Image result for old people

Jeanne Calment passed away in a nursing home in France on August 4, 1997 at the age of 122, officially the oldest human in recorded history. Calment was an outlier and we are likely to never see such human longevity again. That is the conclusion of new research published in Nature.

“Our data strongly suggest that the duration of life is limited,” Jan Vijg and colleagues wrote in their report.. “Our data seem to say it is really around 115”. Although average life expectancy has been increasing exponentially since the 19th century due to advances in medicine and healthcare, the authors concluded that these advances cannot go on forever. In fact, increases in life expectancy,

“were slowing in centenarians and that the maximum age of death had plateaued for at least two decades. In people over 105 we make very little progress, that tells you we are most likely approaching the limit to human life. For the first time in history we’ve been able to see this, it looks like the maximum life span – this ceiling, this barrier – is about 115. It’s almost impossible you’ll get beyond it, you need 10,000 world’s like ours to end up with one individual in a given year who will live until 125 – so a very small chance.”

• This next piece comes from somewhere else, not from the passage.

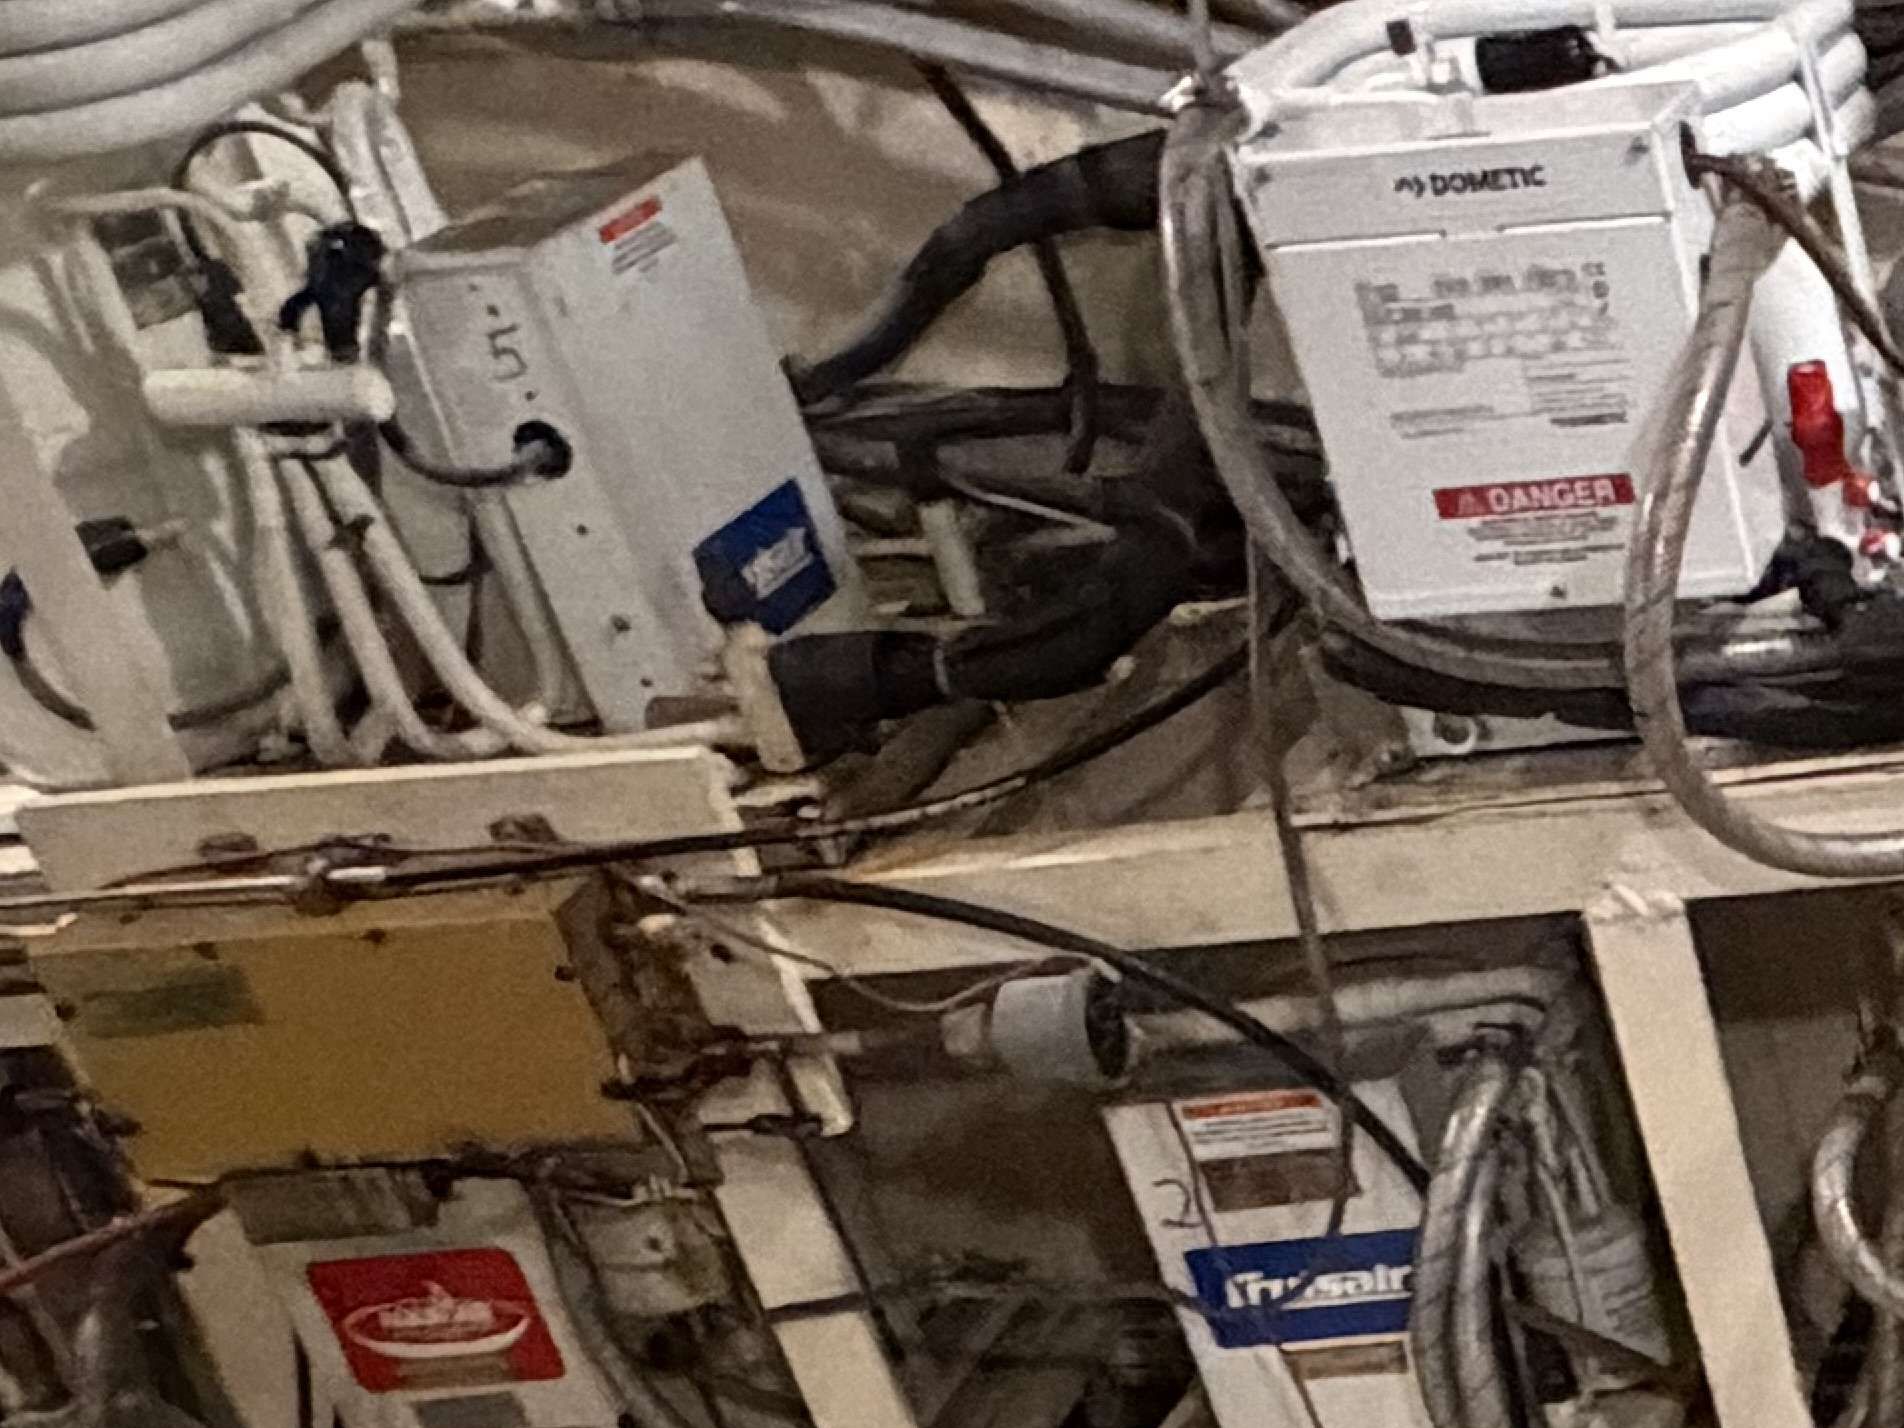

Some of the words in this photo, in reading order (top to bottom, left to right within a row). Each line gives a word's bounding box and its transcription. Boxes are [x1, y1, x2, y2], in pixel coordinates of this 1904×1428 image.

[1429, 164, 1547, 197] DOMETIC
[486, 322, 528, 381] 5
[1488, 478, 1618, 513] DANGER
[1151, 1177, 1203, 1228] 2

Vijg adds that the limiting factor in the continual expansion of human life expectancy may not be continuing advances in medicine, healthcare or other sciences. Human life may be limited by evolution and genetics.

“To get maximum life spans of 120, 125 or 130 maybe, we need to do something very fundamental here. We need to change the whole genetic make-up of the human species, you would have to develop thousands or tens of thousands of different drugs. The ageing process is so complicated that it will not be possible to substantially change this limit to human life.”

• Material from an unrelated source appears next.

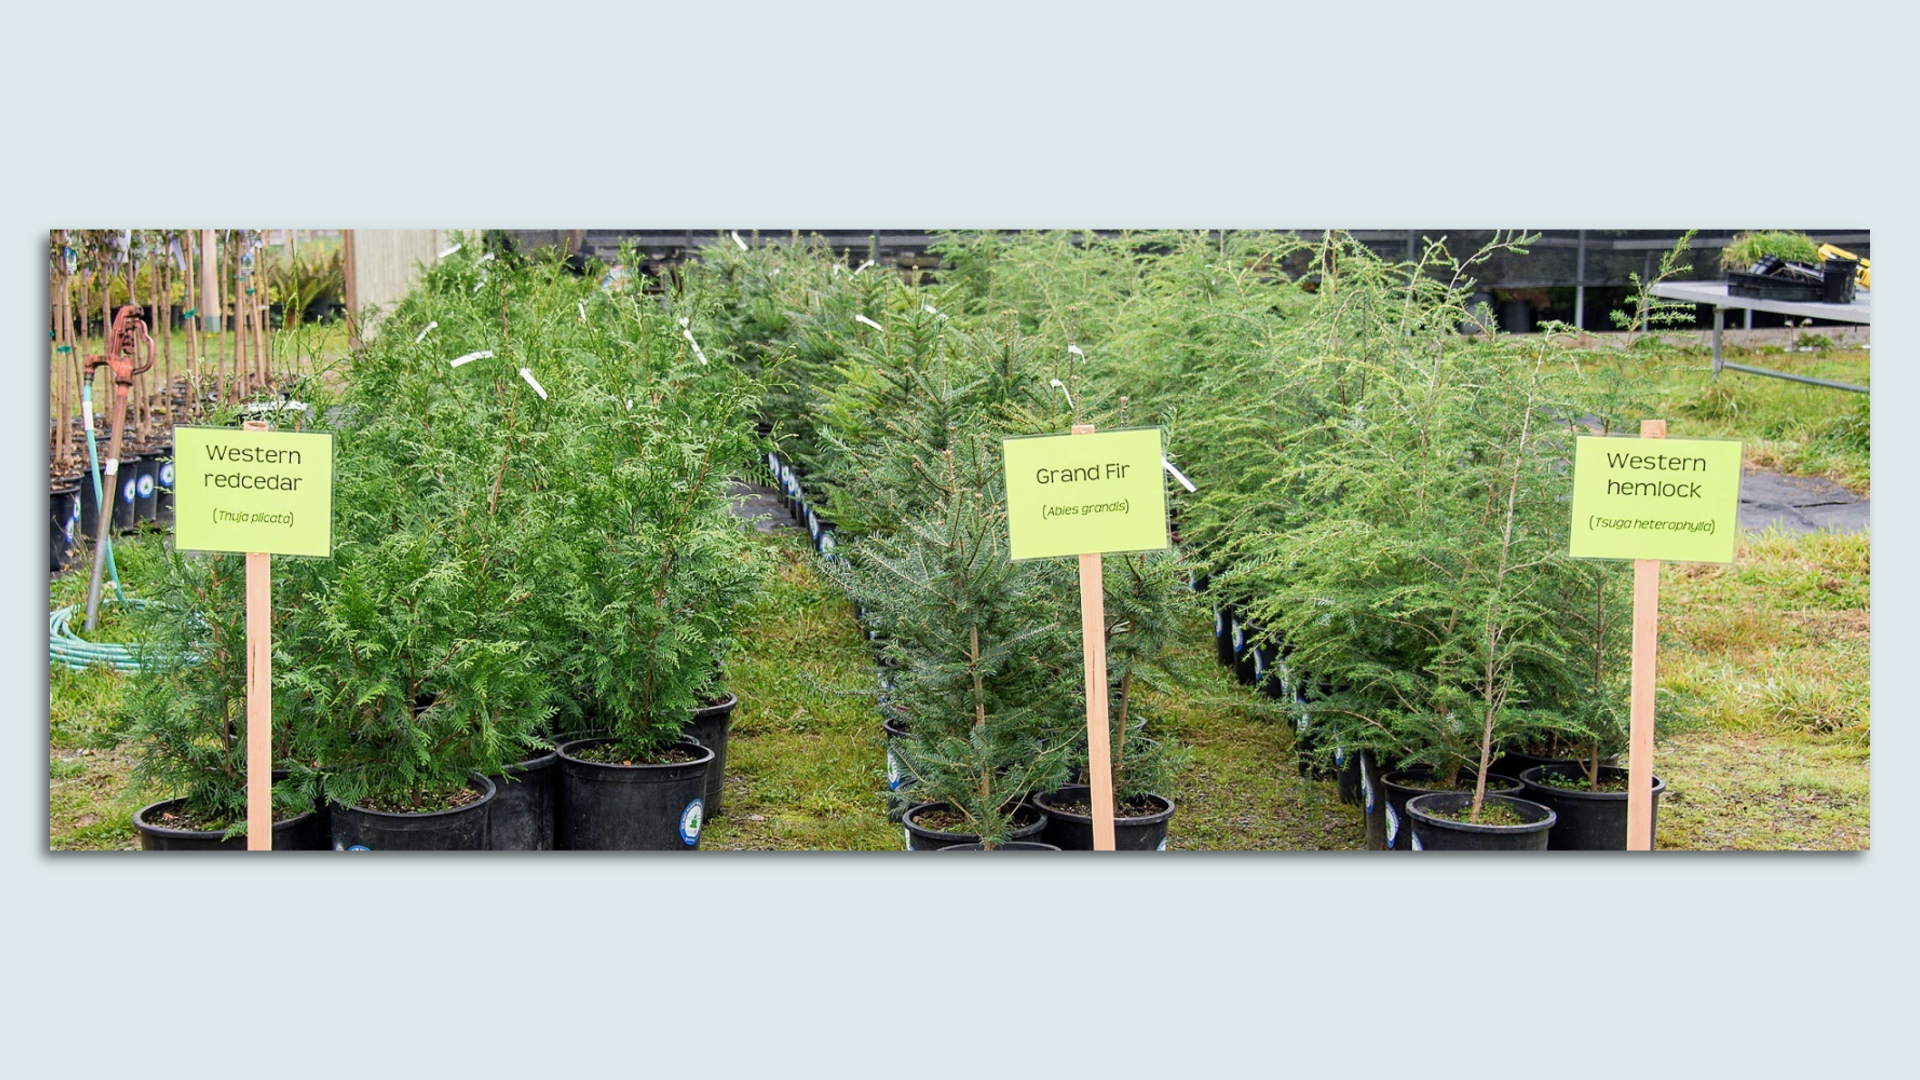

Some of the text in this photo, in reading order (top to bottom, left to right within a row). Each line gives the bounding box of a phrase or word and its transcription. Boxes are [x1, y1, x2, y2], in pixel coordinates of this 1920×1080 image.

These claims, however, have proven controversial. Professor James Vaupel, the Director of the Max Planck Institute for Demographic Research, described the study as travesty which makes the same mistakes as those in the past who have attempted to place a limit on human longevity.

“In this sorry saga, those convinced that there are looming limits did not apply demography and statistics to test hypotheses about lifespan limits—instead they exploited rhetoric, deficient methods and pretty graphics to attempt to prove their gut feelings. [This study] adds nothing to scientific knowledge about how long we will live.”

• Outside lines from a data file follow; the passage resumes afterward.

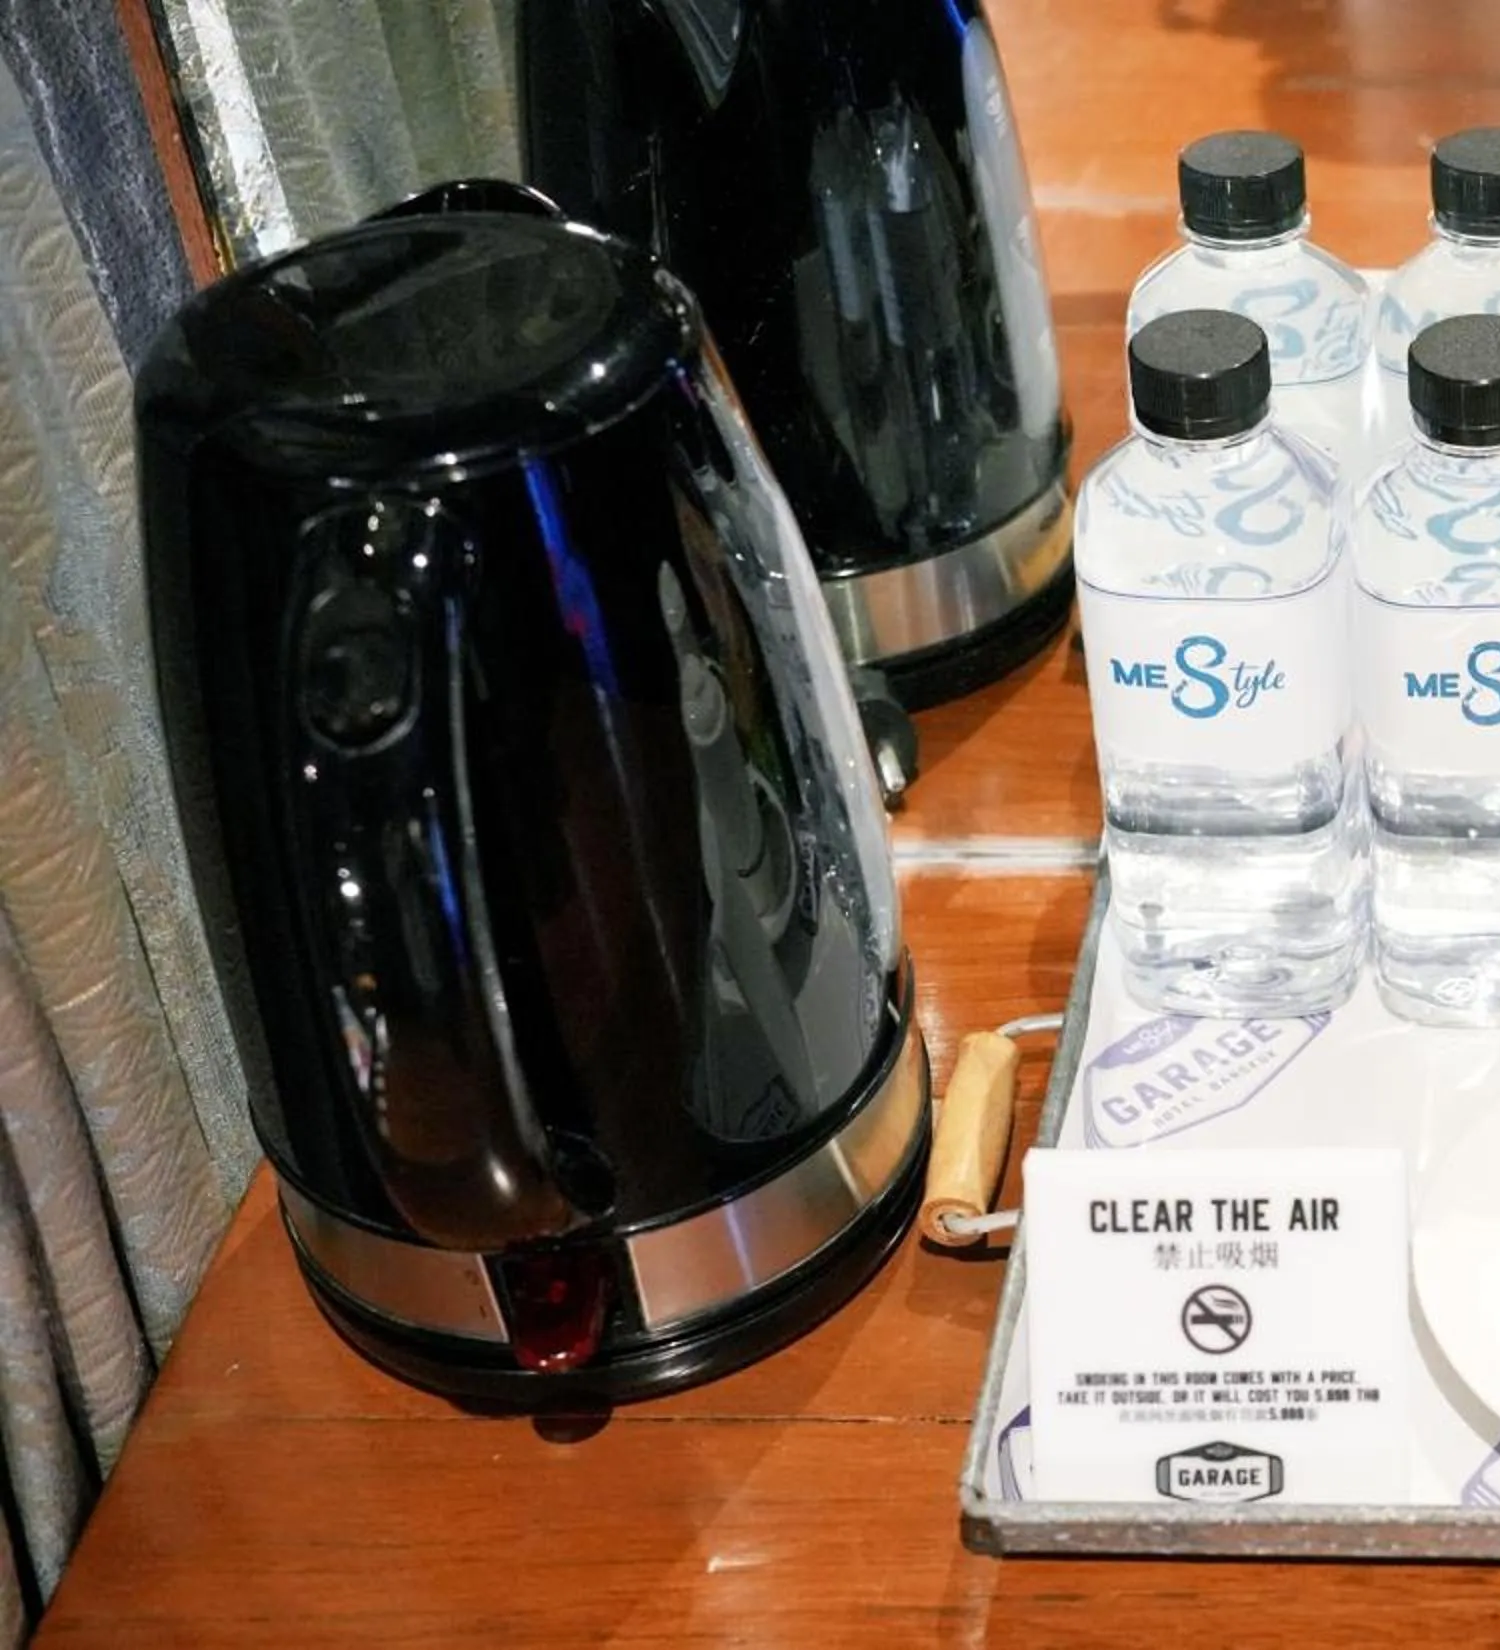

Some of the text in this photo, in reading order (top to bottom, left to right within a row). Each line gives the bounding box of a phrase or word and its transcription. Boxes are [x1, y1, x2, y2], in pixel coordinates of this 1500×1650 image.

[1110, 658, 1168, 689] ME
[1404, 672, 1460, 699] ME
[1101, 1018, 1282, 1125] GARAGE
[1090, 1198, 1340, 1234] CLEAR THE AIR
[1153, 1241, 1280, 1270] 禁止吸烟
[1075, 1372, 1129, 1387] SMOKING
[1133, 1372, 1147, 1386] IN
[1153, 1372, 1179, 1386] THIS
[1185, 1372, 1218, 1385] ROOM
[1223, 1371, 1265, 1384] COMES
[1271, 1371, 1301, 1384] WITH
[1307, 1371, 1316, 1384] A
[1057, 1391, 1088, 1405] TAKE
[1095, 1390, 1106, 1404] IT
[1173, 1390, 1189, 1403] OR
[1195, 1390, 1206, 1403] IT
[1212, 1389, 1242, 1403] WILL
[1249, 1389, 1279, 1402] COST
[1286, 1389, 1310, 1402] YOU
[1357, 1388, 1381, 1402] THB
[1178, 1468, 1263, 1487] GARAGE

Others point out that as a biological process aging simply creates too much damage to be repaired. Better healthcare, better medicine and the better living conditions of the late 20th and early 21st centuries cannot stop biology. These improvements can slow that biological process but not halt it completely. As the body ages things go wrong which cannot always be mended. Even experimental animals living in ideal conditions have provided evidence for limited lifespans.

Average lifespans may continue to increase as these improvements proliferate throughout the world, but they cannot continue forever. Biology dictates everyone will die.

Have a nice day.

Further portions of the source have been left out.